Step 1: Create 8.9 values.yaml
Copy your existing 8.8 values.yaml, rename it (for example, values-8.9.yaml), and use it as the basis for your 8.9 configuration.
Step 2: Update for 8.9 compatibility
Go through the following sections and configure your new 8.9 values.yaml file to be compatible with the new 8.9 changes and architecture.
Review What’s new in Camunda 8.8
and Assess Camunda 8.8 changes and impact before proceeding with your upgrade from 8.8.
Values key changes
Adjust your values.yaml for the 8.9 configuration changes, and double-check for any deprecated or renamed values, we recommend the order as defined by the following keys:
| 13.x/8.8 values.yaml | 14.x/8.9 values.yaml |
|---|---|
TBD |
Other changes (TBD)
Step 3: Prepare and run the upgrade
Add required upgrade-specific configuration.
TDB
Upgrade with Helm
After preparing your secrets and setting the migration configuratio, trigger the upgrade with helm upgrade:
helm repo update
helm upgrade camunda camunda/camunda-platform -f values-8.8.yaml
Step 4: Monitor and validate
Monitor the upgrade
After triggering the Helm upgrade, monitor the rollout to ensure all pods return to a healthy state and the migration jobs finish successfully.
1. Watch pod rollout progress
Watch the pods being migrated via:
kubectl -n <namespace> get pods -w
What you should see:
- Pods gradually terminate and restart with new versions.
Validate the upgrade
- Confirm all pods are healhy:
kubectl -n <namespace> get pods
- Confirm all pods are running on the new 8.9.x images:
kubectl -n <namespace> get pods -o jsonpath="{range .items[*]}{.metadata.name}{':\t'}{range .spec.containers[*]}{.image}{'\n'}{end}{end}"

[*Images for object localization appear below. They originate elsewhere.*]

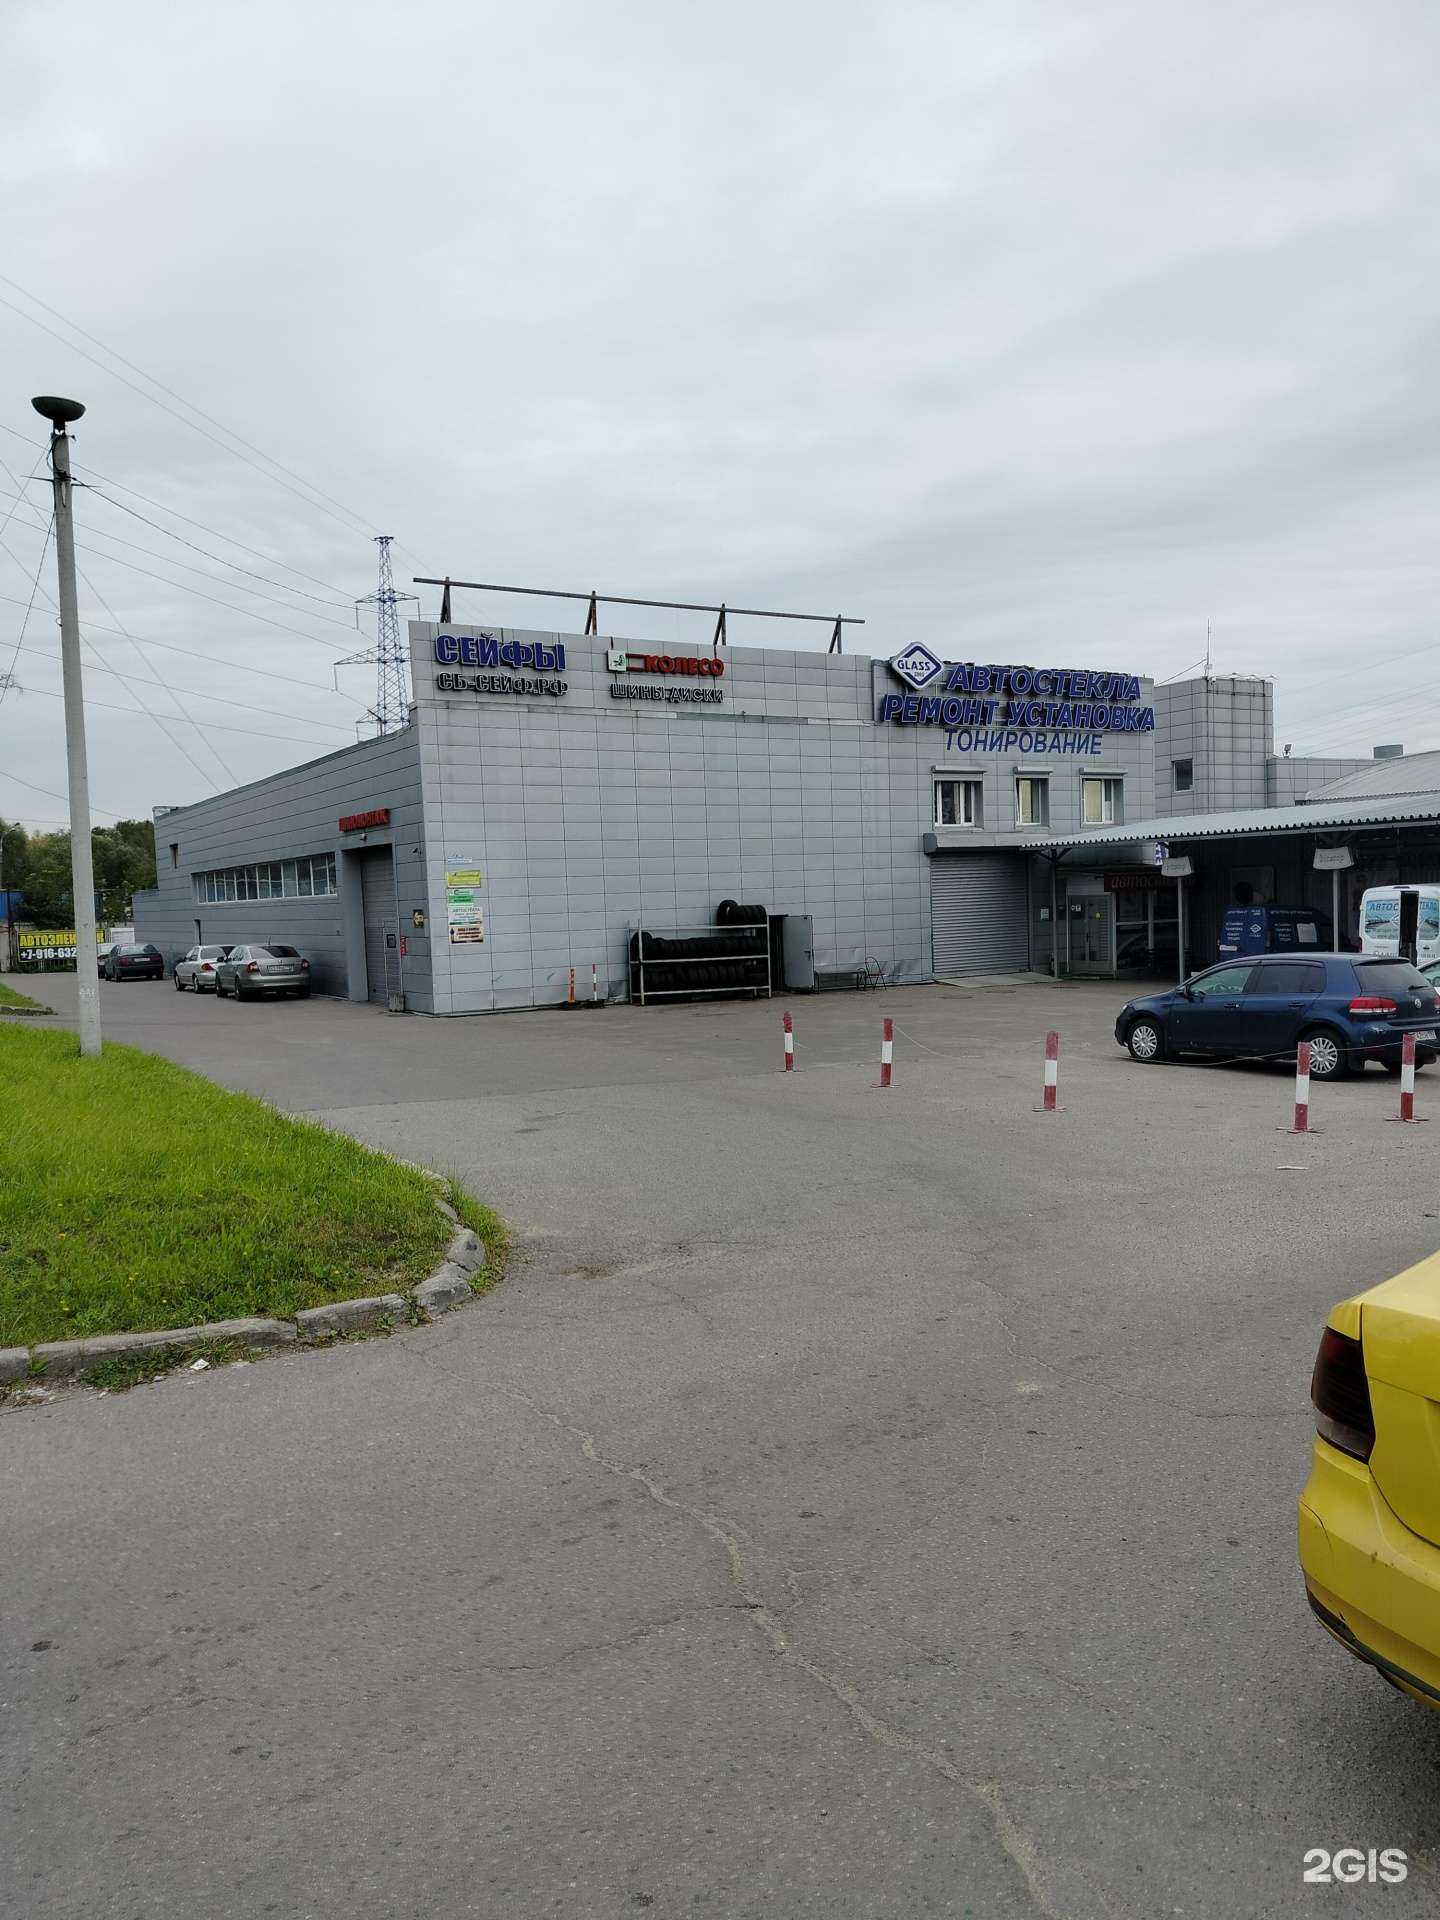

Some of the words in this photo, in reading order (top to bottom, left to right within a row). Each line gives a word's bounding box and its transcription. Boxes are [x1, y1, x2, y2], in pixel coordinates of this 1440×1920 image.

[435, 632, 566, 671] СЕЙФЫ
[644, 655, 724, 676] КОЛЕСО
[897, 659, 931, 671] GLASS
[438, 671, 568, 696] СБ-СЕЙФ.РФ
[611, 683, 665, 700] ШИНЫ
[670, 686, 724, 703] ДИСКИ
[947, 664, 1141, 701] АВТОСТЕКЛА
[882, 694, 1000, 726] РЕМОНТ
[1008, 701, 1155, 731] УСТАНОВКА
[945, 728, 1103, 755] ТОНИРОВАНИЕ

- Verify access to Camunda components
- Acess Camunda components and verify users can log in with migrated roles. E.g. for the Orchestration cluster access:
https://<your-domain>/<contextPath>/operate
https://<your-domain>/<contextPath>/tasklist
https://<your-domain>/<contextPath>/identity
- Verify workers
If you’re running external workers for Camunda processes, ensure they are still connected and actively processing tasks after the migration.
Troubleshooting
Upgrade failed due to missing secrets
The following upgrade error might be related to not having secrets as Kubernetes referenced secrets as required in Prerequisites.
Error: UPGRADE FAILED: execution error at (camunda-platform/charts/identity/templates/tasklist-secret.yaml:10:22):
PASSWORDS ERROR: You must provide your current passwords when upgrading the release.
Note that even after reinstallation, old credentials may be needed as they may be kept in persistent volume claims.
Further information can be obtained at https://docs.bitnami.com/general/how-to/troubleshoot-helm-chart-issues/#credential-errors-while-upgrading-chart-releases
'global.identity.auth.tasklist.existingSecret' must not be empty, please add '--set global.identity.auth.tasklist.existingSecret=$TASKLIST_SECRET' to the command. To get the current value:
export TASKLIST_SECRET=$(kubectl get secret --namespace "camunda" "camunda-platform-test-tasklist-identity-secret" -o jsonpath="{.data.tasklist-secret}" | base64 --decode)
When the Helm chart is removed or upgraded, persistent volume claims (PVCs) for secret storage are not removed or recreated. To prevent Helm from recreating secrets that have already been generated, the Bitnami library chart used by Camunda blocks the upgrade path, resulting in the above error.
To complete your upgrade, Extract plaintext values and reference them as Kubernetes Secrets.